When I was diagnosed with cystic fibrosis at age 4, taking a pill to treat my disease was unimaginable, almost as unimaginable as me still being alive today.
I’m eternally grateful for the medical innovation that has made both those things possible. Today, kids diagnosed with CF are growing up in a different world than I did, one where even a cure is within reach.
I’ve been given the gift of life. It’s my hope that more rare-disease patients will be able to experience that gift — and that lawmakers in Washington will help them do it.
Cystic fibrosis is a rare genetic disorder that causes a buildup of mucus in the lungs and other organs. Over time, the lung infections caused by CF grow more persistent, making it harder to breathe.
Indeed, I had been hospitalized with lung infections at least 10 times by my 31st birthday. Because I also was fighting — and beating — non-Hodgkin’s lymphoma, I sometimes felt as if my whole life would be spent in and out of the hospital.
That all changed about two years ago, when the FDA approved a new medication. It’s the first that targets a mutated gene known to cause CF in nearly 90% of patients.
Since I began taking the drug, I haven’t been hospitalized once.

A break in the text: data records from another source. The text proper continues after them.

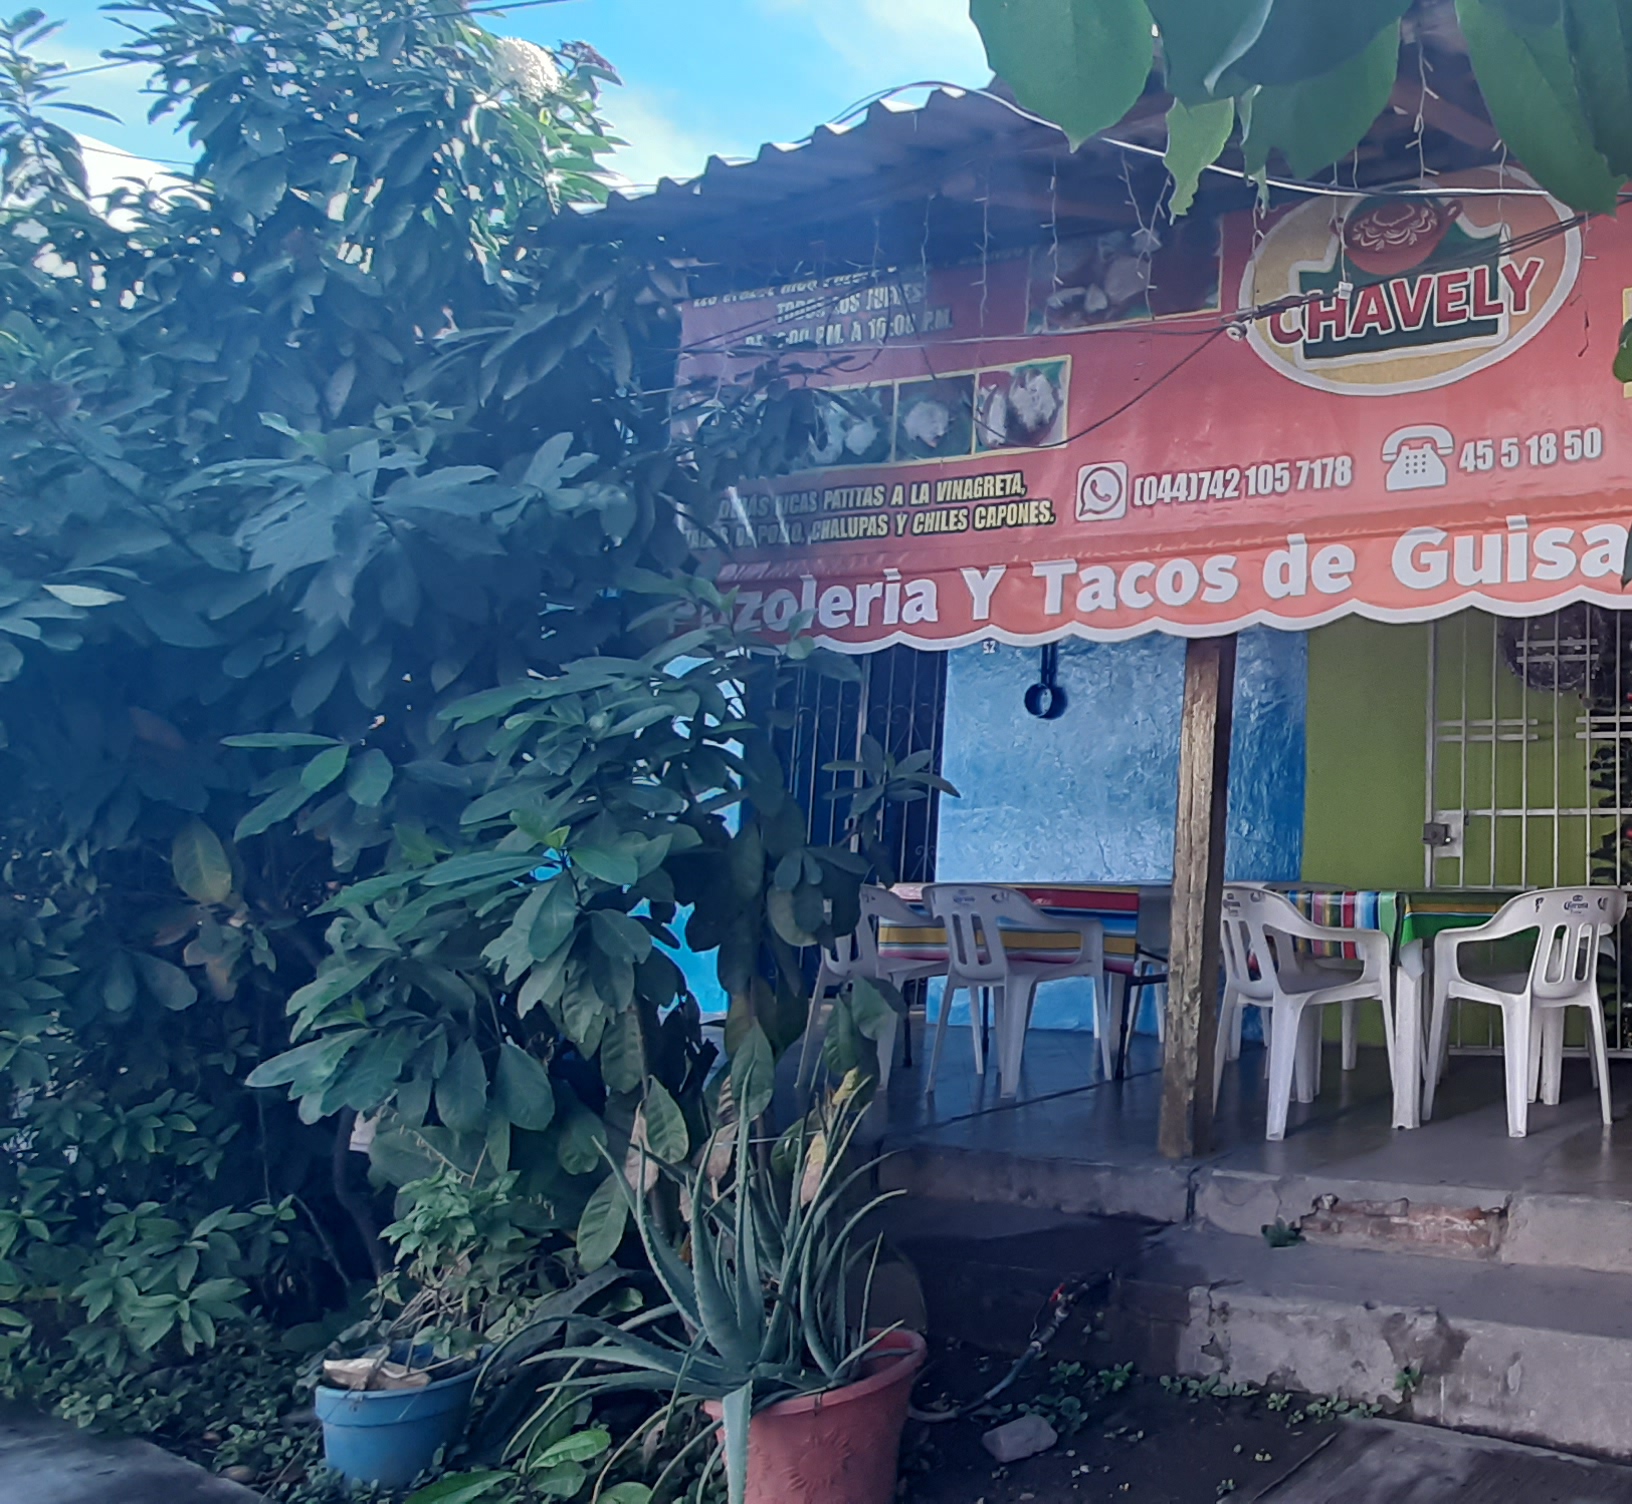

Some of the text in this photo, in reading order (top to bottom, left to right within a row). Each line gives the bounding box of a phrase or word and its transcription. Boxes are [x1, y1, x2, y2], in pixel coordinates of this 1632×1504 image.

[1268, 256, 1544, 347] CHAVELY
[1459, 426, 1601, 472] 45 5 18 50
[823, 484, 885, 511] PATITAS
[890, 485, 904, 506] A
[911, 482, 931, 504] LA
[936, 471, 1027, 503] VINAGRETA,
[1134, 455, 1352, 506] (044)742 105 7178
[811, 515, 889, 541] CHALUPAS
[897, 513, 908, 536] Y
[912, 508, 968, 536] CHILES
[974, 500, 1055, 530] CAPONES.
[960, 565, 1006, 621] Y
[1031, 553, 1239, 615] Tacos
[1262, 533, 1356, 600] de

My health is no longer at the forefront of my mind. It’s been replaced by my appreciation for life, awe over watching my son grow up, and the belief that I’ll get to watch his children grow up, too.
I’m living proof of the success of scientists and researchers who devote their lives to searching for treatments for debilitating illnesses. When I was first diagnosed with CF, I was expected to live only until eight years old. When I surpassed those expectations, doctors told me I would live until my 20s. Today, at 35, I no longer believe that CF will cause my demise.
I want more patients to experience the type of life I’ve built.
Some insurers won’t cover expensive drugs like the one I take, putting lifesaving treatments out of reach for many patients. That’s why I’m glad lawmakers are working to ensure all patients have affordable access to the drugs they need.
But I fear they’re taking the wrong approach.
While President Biden’s Build Back Better Act may be stalled in Congress at the moment, lawmakers are still attempting to compromise on a plan to lower prescription drug prices by allowing Medicare to set prices on brand-name medicines.
While the intent behind this policy is a good one, I worry that it could make funding for life-science research much harder to secure. This could curtail research and development, thus dashing the hope of patients praying for medicines that don’t yet exist.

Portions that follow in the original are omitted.